**WORK REQUIRED:** The data is to be repeated exactly, with the images removed.

**GIVEN DATA:**
⟨
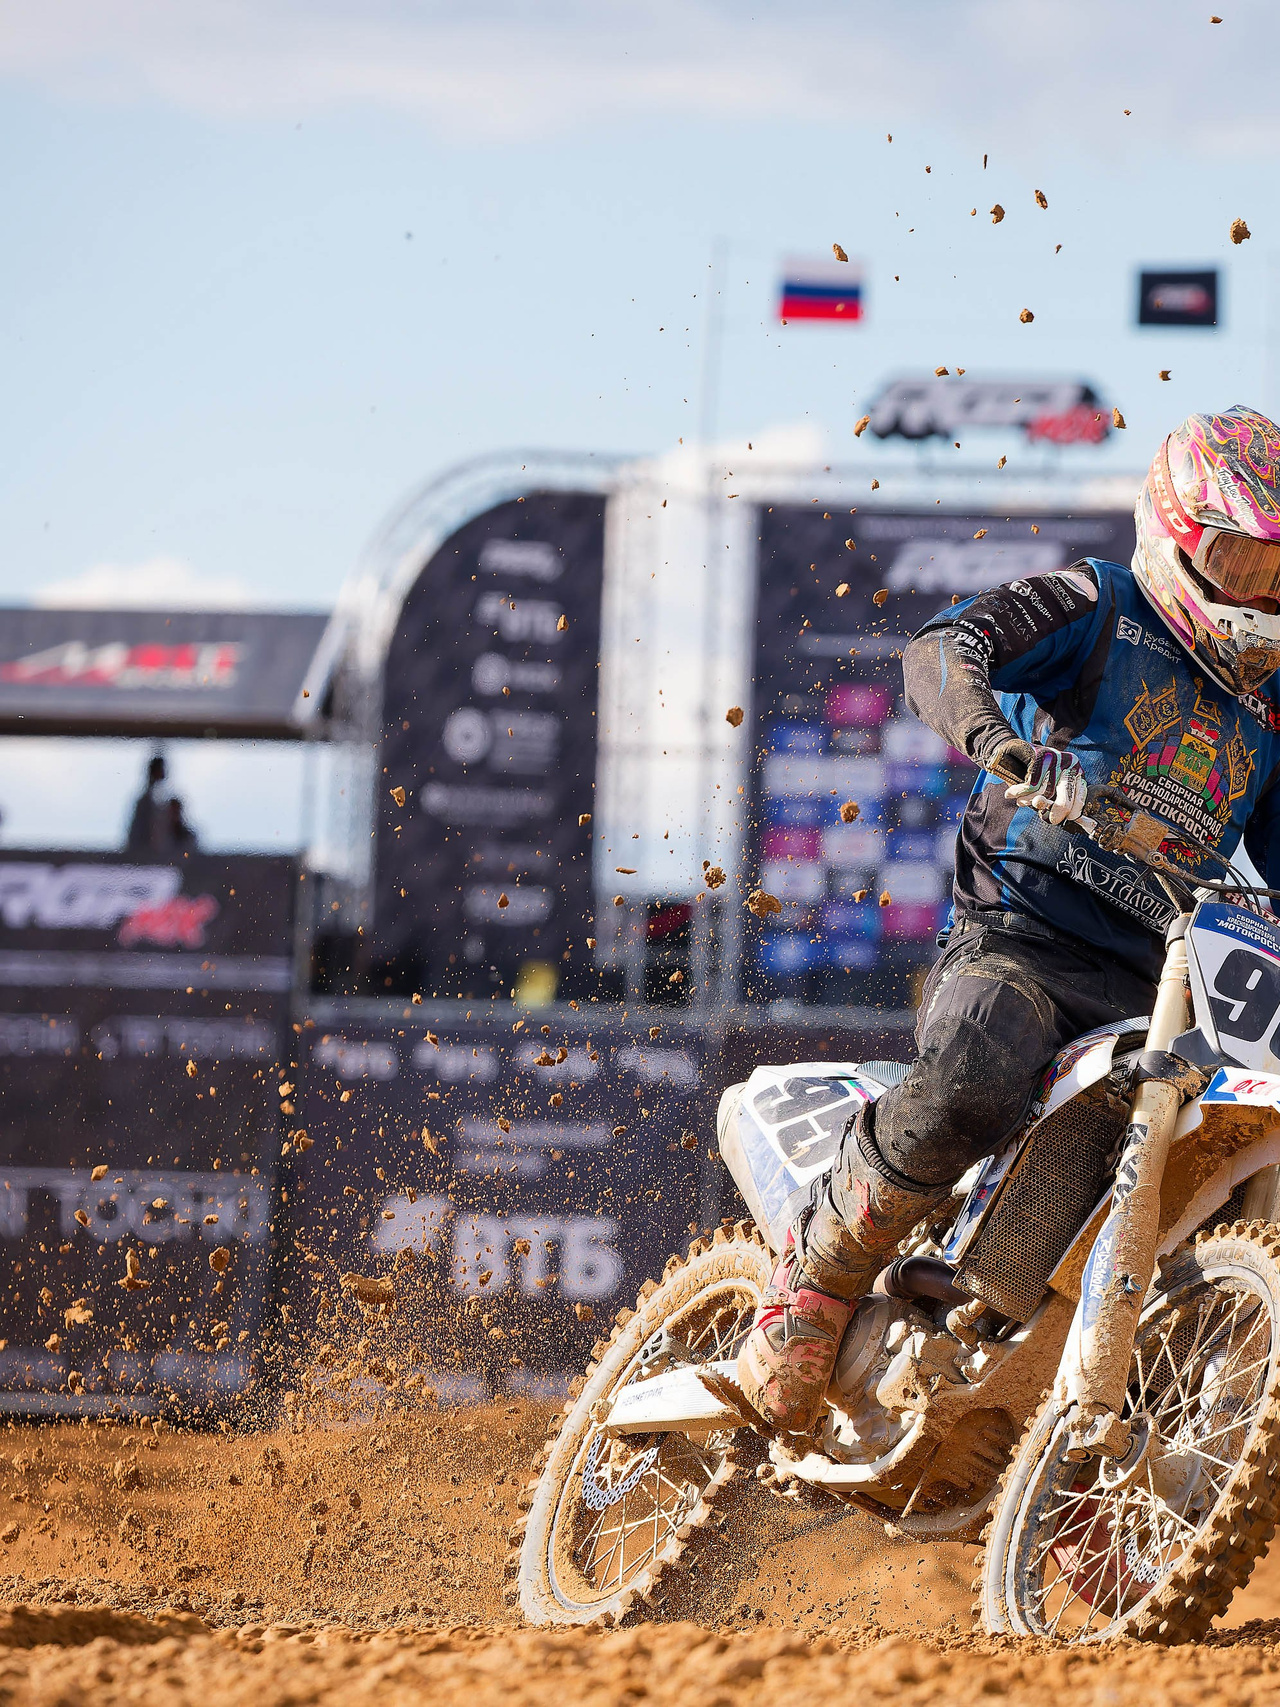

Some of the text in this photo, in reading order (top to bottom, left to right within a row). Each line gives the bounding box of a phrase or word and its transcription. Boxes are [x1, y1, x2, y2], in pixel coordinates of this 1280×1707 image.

[1142, 637, 1182, 665] Кредит
[1144, 630, 1182, 656] Кубань
[1121, 771, 1223, 839] КРАСНОДАРСКОГО КРАЯ
[1157, 776, 1204, 808] СБОРНАЯ
[1127, 788, 1209, 845] МОТОКРОСС
[1095, 869, 1166, 919] ЭТАЛОН
[1217, 920, 1280, 953] МОТОКРОСС
[1235, 914, 1270, 932] СБОРНАЯ
[449, 1213, 625, 1300] ВТБ
⟩
**OUTPUT FOR THIS EXERCISE:**
Some of the text in this photo, in reading order (top to bottom, left to right within a row). Each line gives the bounding box of a phrase or word and its transcription. Boxes are [x1, y1, x2, y2], in pixel coordinates of this 1280×1707 image.

[1142, 637, 1182, 665] Кредит
[1144, 630, 1182, 656] Кубань
[1121, 771, 1223, 839] КРАСНОДАРСКОГО КРАЯ
[1157, 776, 1204, 808] СБОРНАЯ
[1127, 788, 1209, 845] МОТОКРОСС
[1095, 869, 1166, 919] ЭТАЛОН
[1217, 920, 1280, 953] МОТОКРОСС
[1235, 914, 1270, 932] СБОРНАЯ
[449, 1213, 625, 1300] ВТБ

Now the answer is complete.